Last week, we were pleased to announce that this year’s One City One Story is “Yvonne” by Emerson MFA student Ciera Burch. You’ll be able to find your copy of Ciera’s story around Greater Boston starting in early September, but in the meantime, we’ve asked Ciera to write a guest post for our blog about the origins of her story and what led her to submit it for consideration as a 1C1S selection. Enjoy!

For me, writing “Yvonne” was an attempt to explore not only my own relationship with my grandmother, who passed away suddenly three years ago, but also the relationship between a grandparent and grandchild without the existence of the ‘3rd party’ of the parent.

Parental-child relationships are something that have fascinated me for most of my life—since my mom was a teenager when she had me, we got to grow up with each other, which allowed me to always see her as a person in her own right first and as my mother second. After my grandmother passed, I realized that there had always been a difference between her relationship with my mom and her relationship with me. She was more closed off when it came to my mom, more easily prone to anger, whereas with me she was constantly bubbly, always cooking me something or teaching me to cook for myself.

I don’t plan out my short stories, I usually just start writing, and “Yvonne” came together for me all at once: with the smells of a nursing home and an odd, anxious feeling in the pit of my stomach reserved for meeting new people. As I wrote, Celeste and Yvonne led me to the paths they needed to go down while showing me the paths that had led them to where we meet them on the first page. The connection between the two women is immensely important to me because there’s so much complexity to their feelings for one another. They’re family but they’re still figuring out what that means to them, now and going forward.

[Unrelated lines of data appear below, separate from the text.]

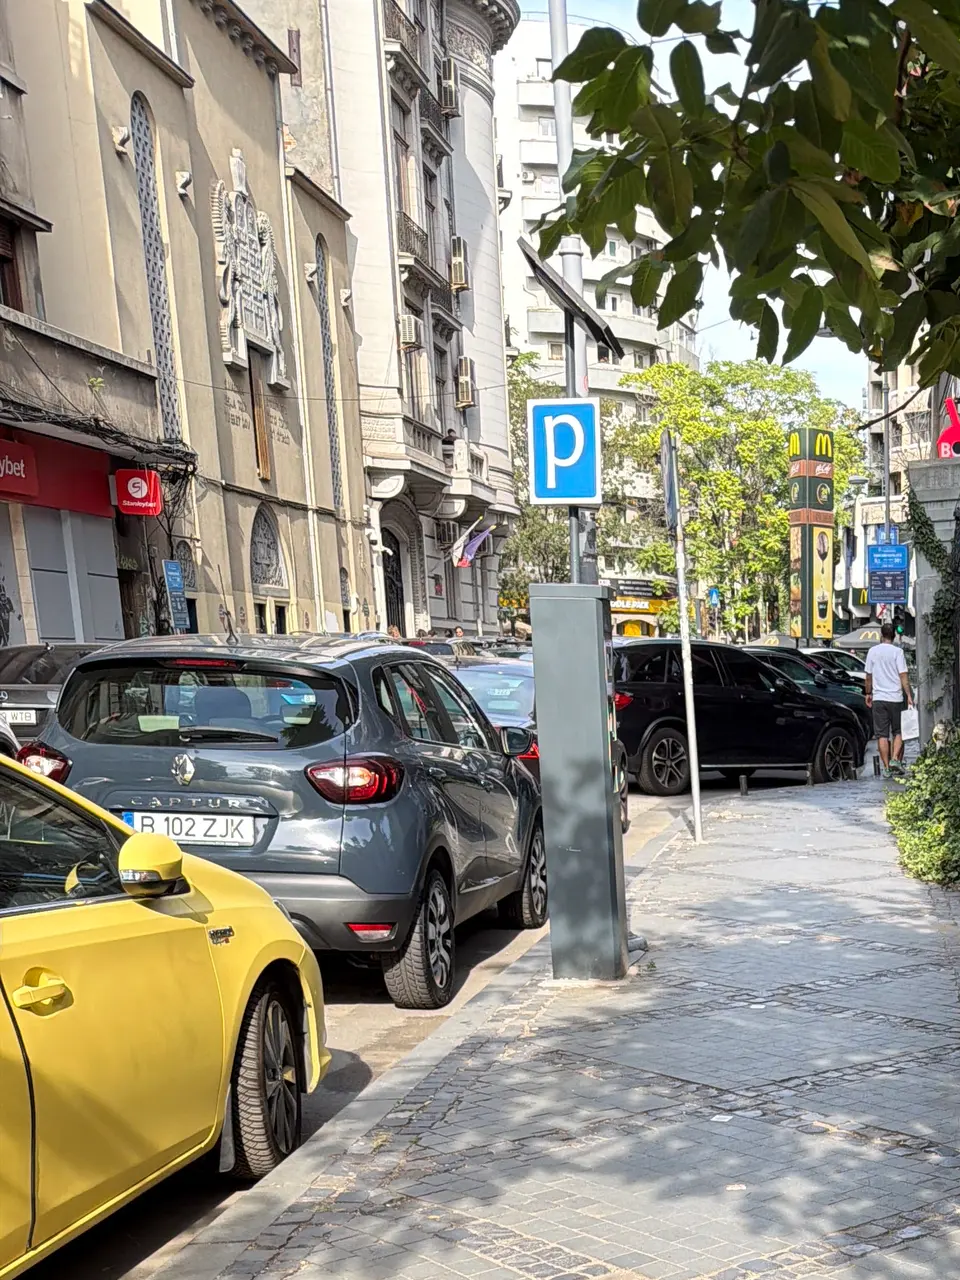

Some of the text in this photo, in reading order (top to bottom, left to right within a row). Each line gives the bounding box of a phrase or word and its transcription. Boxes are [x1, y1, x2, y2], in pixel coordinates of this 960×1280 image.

[122, 499, 157, 508] Stanleybet
[131, 796, 241, 809] CAPTUR
[140, 815, 244, 839] B 102 ZJK
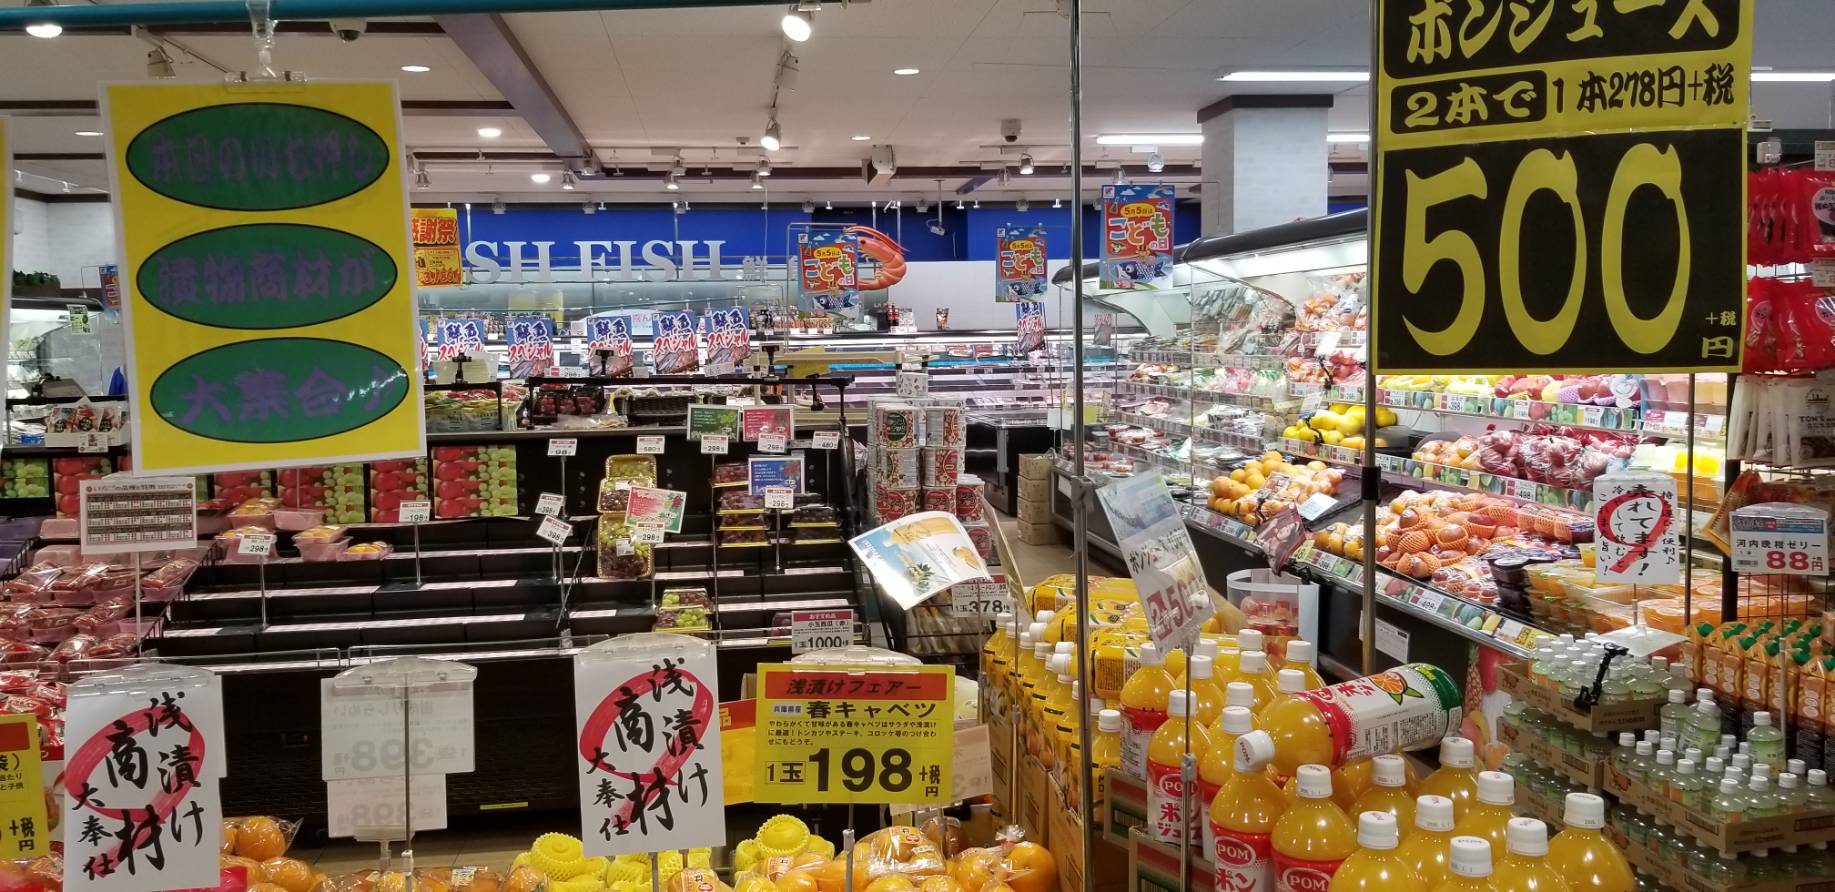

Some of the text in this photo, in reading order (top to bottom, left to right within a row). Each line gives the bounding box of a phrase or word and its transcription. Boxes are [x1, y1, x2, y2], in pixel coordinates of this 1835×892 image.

[1404, 81, 1537, 128] 2本で
[1124, 206, 1153, 215] 5月5日は
[1109, 212, 1169, 245] こども
[1001, 248, 1044, 271] こども
[1402, 142, 1691, 356] 500
[465, 241, 555, 283] SH
[574, 240, 726, 284] FISH
[804, 254, 855, 282] こども
[659, 314, 691, 336] 鮮魚
[711, 309, 745, 331] 鮮魚
[1705, 310, 1737, 326] +税
[445, 322, 482, 343] 鮮魚
[514, 321, 548, 344] 鮮魚
[594, 319, 627, 341] 鮮魚
[708, 330, 750, 350] スペシャル
[509, 342, 554, 363] スペシャル
[655, 334, 697, 353] スペシャル
[1701, 336, 1734, 359] 円
[547, 530, 560, 541] 398
[1736, 539, 1821, 550] 河内晩柑ゼリー
[1766, 550, 1809, 571] 88
[1811, 561, 1823, 572] 円
[969, 600, 1003, 613] 378
[808, 636, 842, 649] 1000
[786, 679, 921, 695] 浅漬けフェアー
[773, 701, 936, 719] 兵庫県産 春キャベツ
[647, 657, 708, 808] 浅漬け
[768, 738, 814, 746] せにもどうぞ。
[144, 691, 205, 847] 浅漬け
[614, 686, 674, 836] 商材
[767, 762, 804, 783] 1玉
[808, 747, 913, 793] 198
[105, 719, 165, 875] 商材
[585, 747, 629, 841] 大奉仕
[925, 786, 938, 797] 円
[71, 783, 116, 881] 大奉仕
[18, 839, 35, 851] 円
[1217, 843, 1249, 861] POM
[1216, 867, 1256, 892] ポン
[1289, 874, 1327, 891] POM
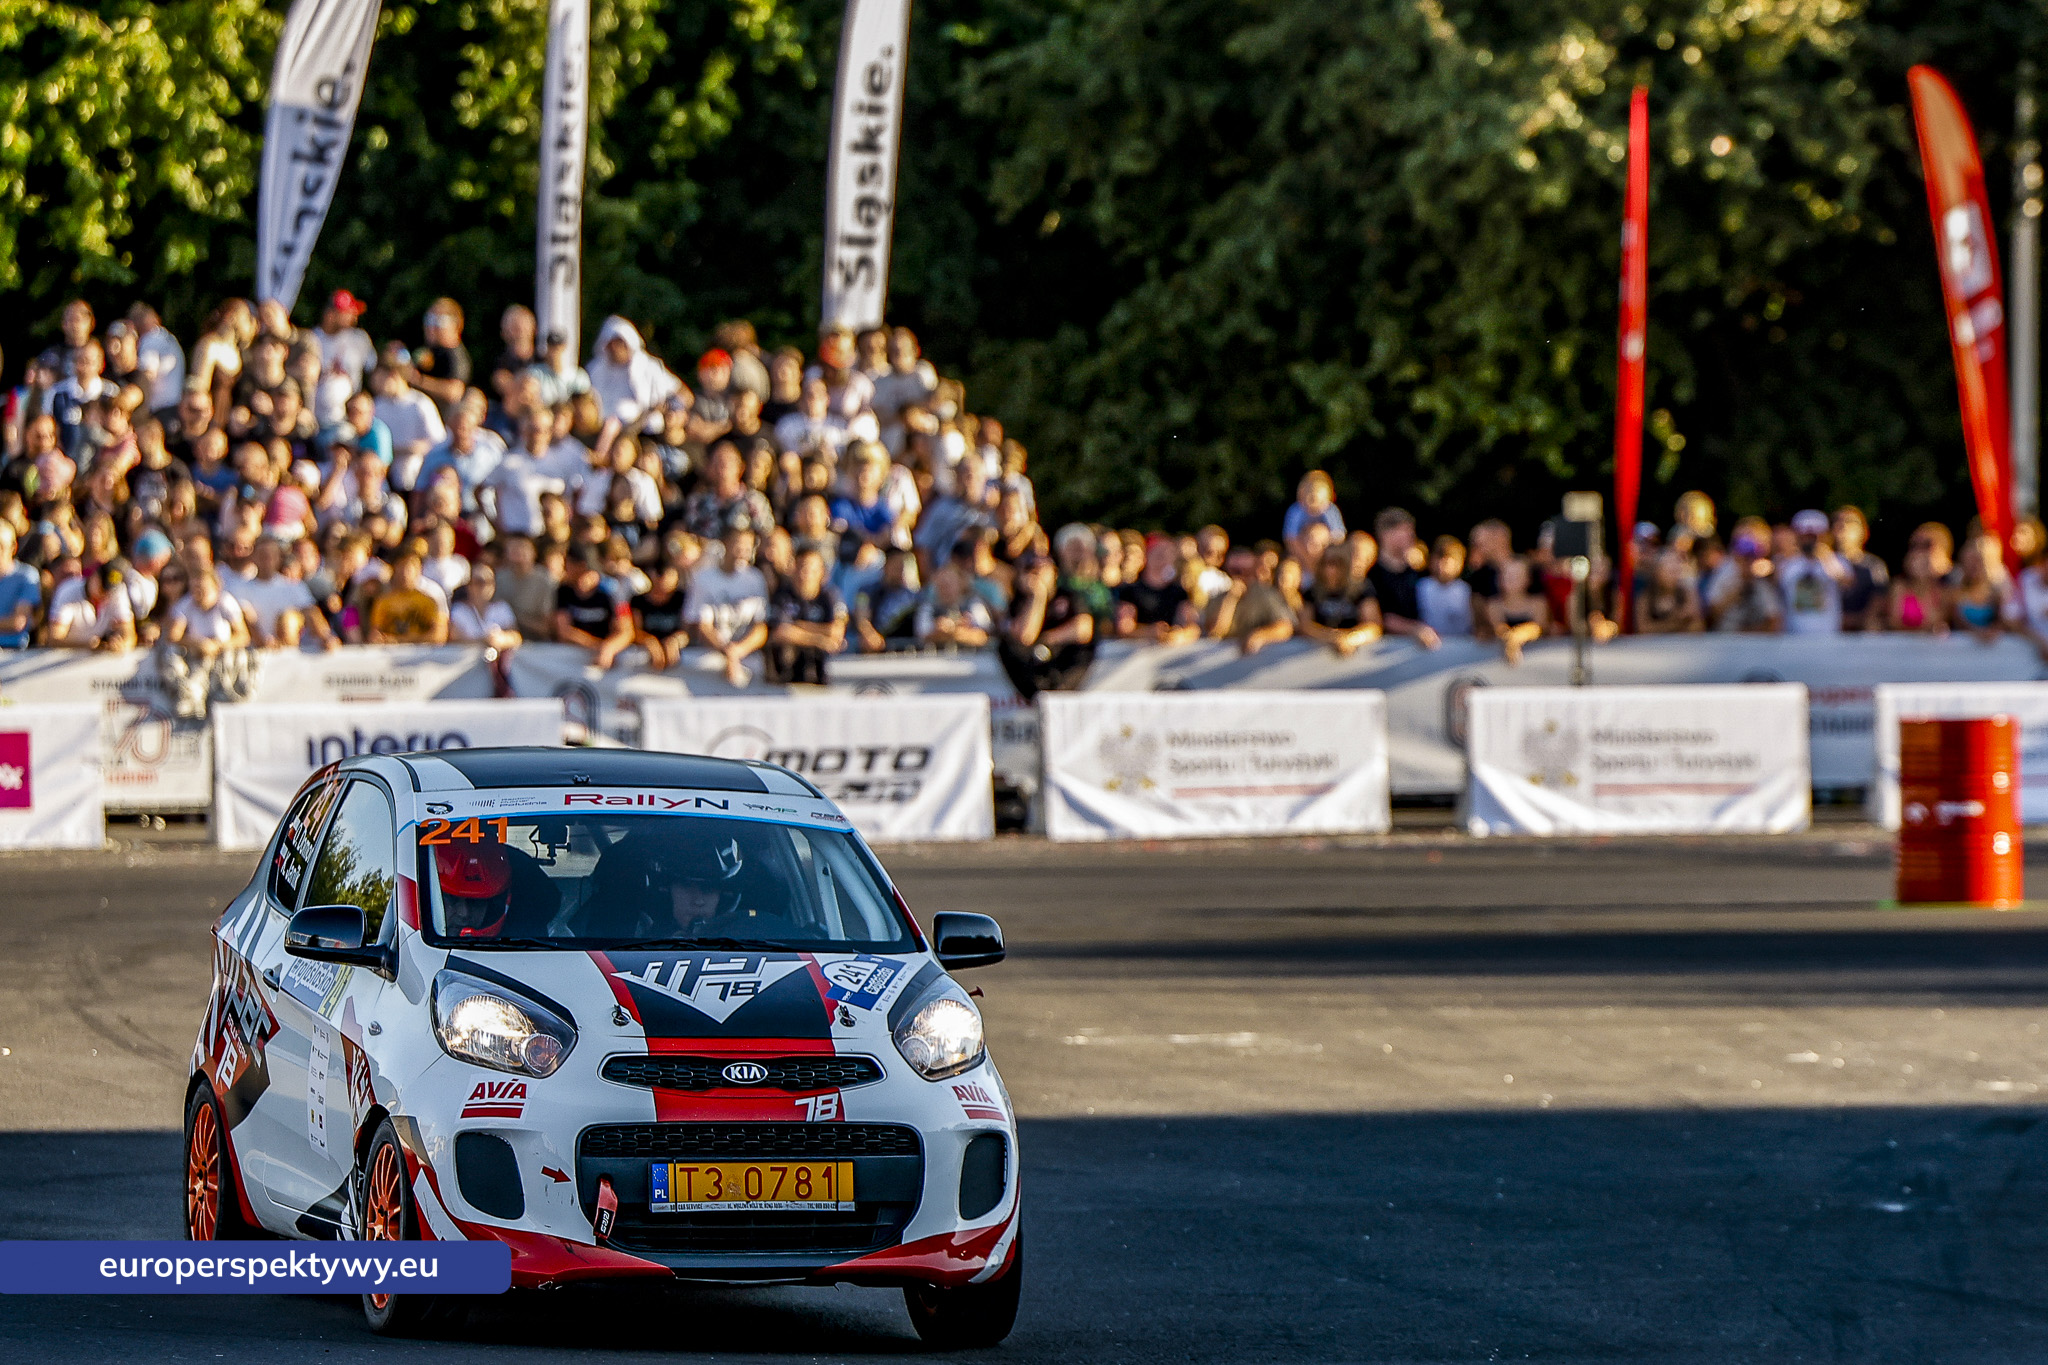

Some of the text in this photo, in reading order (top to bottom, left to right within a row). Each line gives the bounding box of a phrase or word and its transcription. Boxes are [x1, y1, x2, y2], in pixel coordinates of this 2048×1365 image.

I chose this story to submit to the Boston Book Festival because in pop culture portrayals of Boston people of color are often excluded. Despite the existence of New Edition (Roxbury natives), little attention is paid to, and often little credit is given to, Boston’s nonwhite residents. With this story, my hope was that I could put black, and in Celeste’s case queer, people at the center of a narrative with universal appeal. In some way or another, I hope that people are able not only to empathize with but also relate to Yvonne and Celeste, because regardless of the different facets of their identities, they’re human with human problems and they love and hurt and worry just as deeply as anyone else.